Steven Drake, analista da consultoria IDC, afirma que, embora empresas de terceiros estejam desenvolvendo produtos que busquem atender às necessidades das corporações para a plataforma da Apple, esses novas  ferramentas são difíceis de serem implementadas e utilizadas. Drake conhece algumas empresas que tentaram incorporar o iPhone ao ambiente corporativo e desistiram da ideia por preocupações relacionadas ao gerenciamento e à segurança.

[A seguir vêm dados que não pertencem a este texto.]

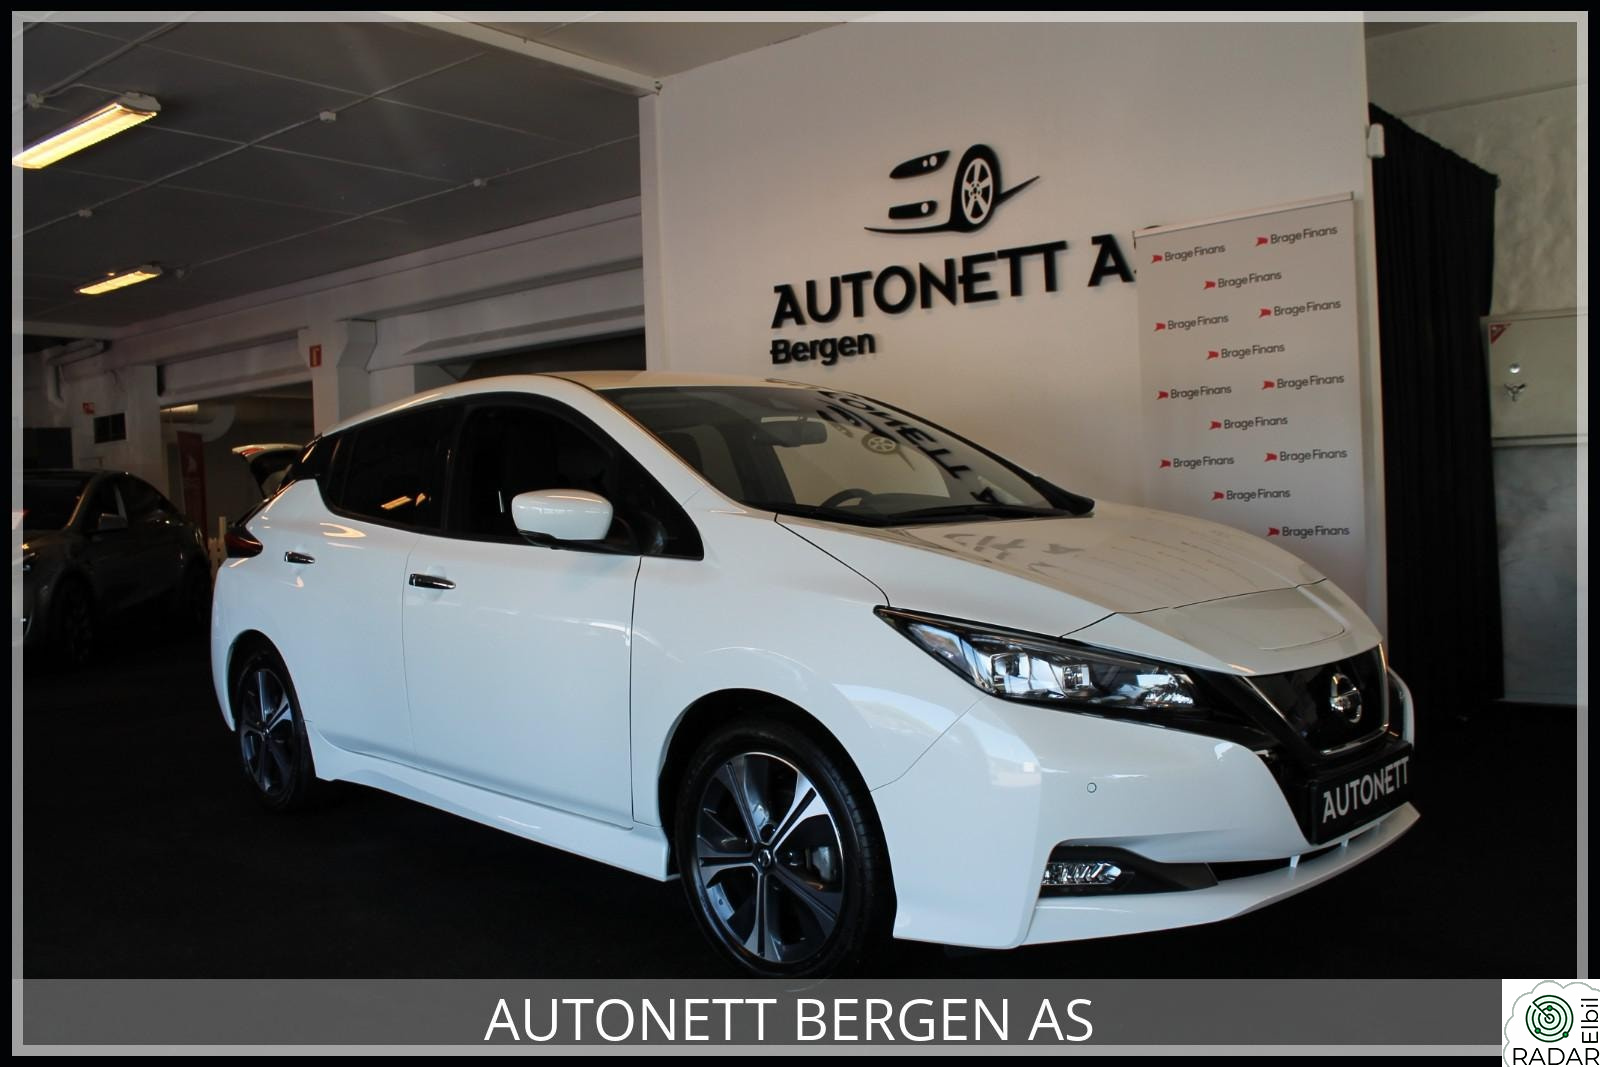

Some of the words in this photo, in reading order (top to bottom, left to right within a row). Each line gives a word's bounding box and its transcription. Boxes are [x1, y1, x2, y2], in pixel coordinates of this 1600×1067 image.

O analista da consultoria Yankee Group, Steve Hilton, diz que, desde o lançamento do iPhone, em 2007, o aparelho é cobiçado pelas empresas. ?O iPhone tem agora ingredientes importantes para chegar às empresas. O Remote Wipe, a criptografia de dados e o tethering são necessários, mas ainda não são o suficiente para fazer com que ele seja adotado pelas grandes empresas?, avalia o analista.

Apesar dessas questões, o iPhone tem crescido no ambiente corporativo. Empresas como Kraft Foods e Oracle são exemplos de adoção. Mesmo assim, tem sido difícil convencer empresas de serviços financeiros. O Bank of America, por exemplo, prefere ficar com a plataforma BlackBerry, por conta da capacidade de gerenciamento centralizado oferecida pela ferramenta BlackBerry Enterprise Server.

A capacidade de o iPhone ser usado como modem para computadores é realmente interessante, dizem os analistas, mas não será popular entre usuários corporativos. O BlackBerry e o Windows Mobile já são habilitados para essa função, porém, ainda é muito complicado configurá-los. Burden disse que apenas 2% dos usuários de BlackBerry utilizam o aparelho como modem. E o tethering exigirá suporte das operadoras, que já cobram de usuáriios de notebooks para oferecer o acesso à web sem fio, o que pode causar conflitos de interesse.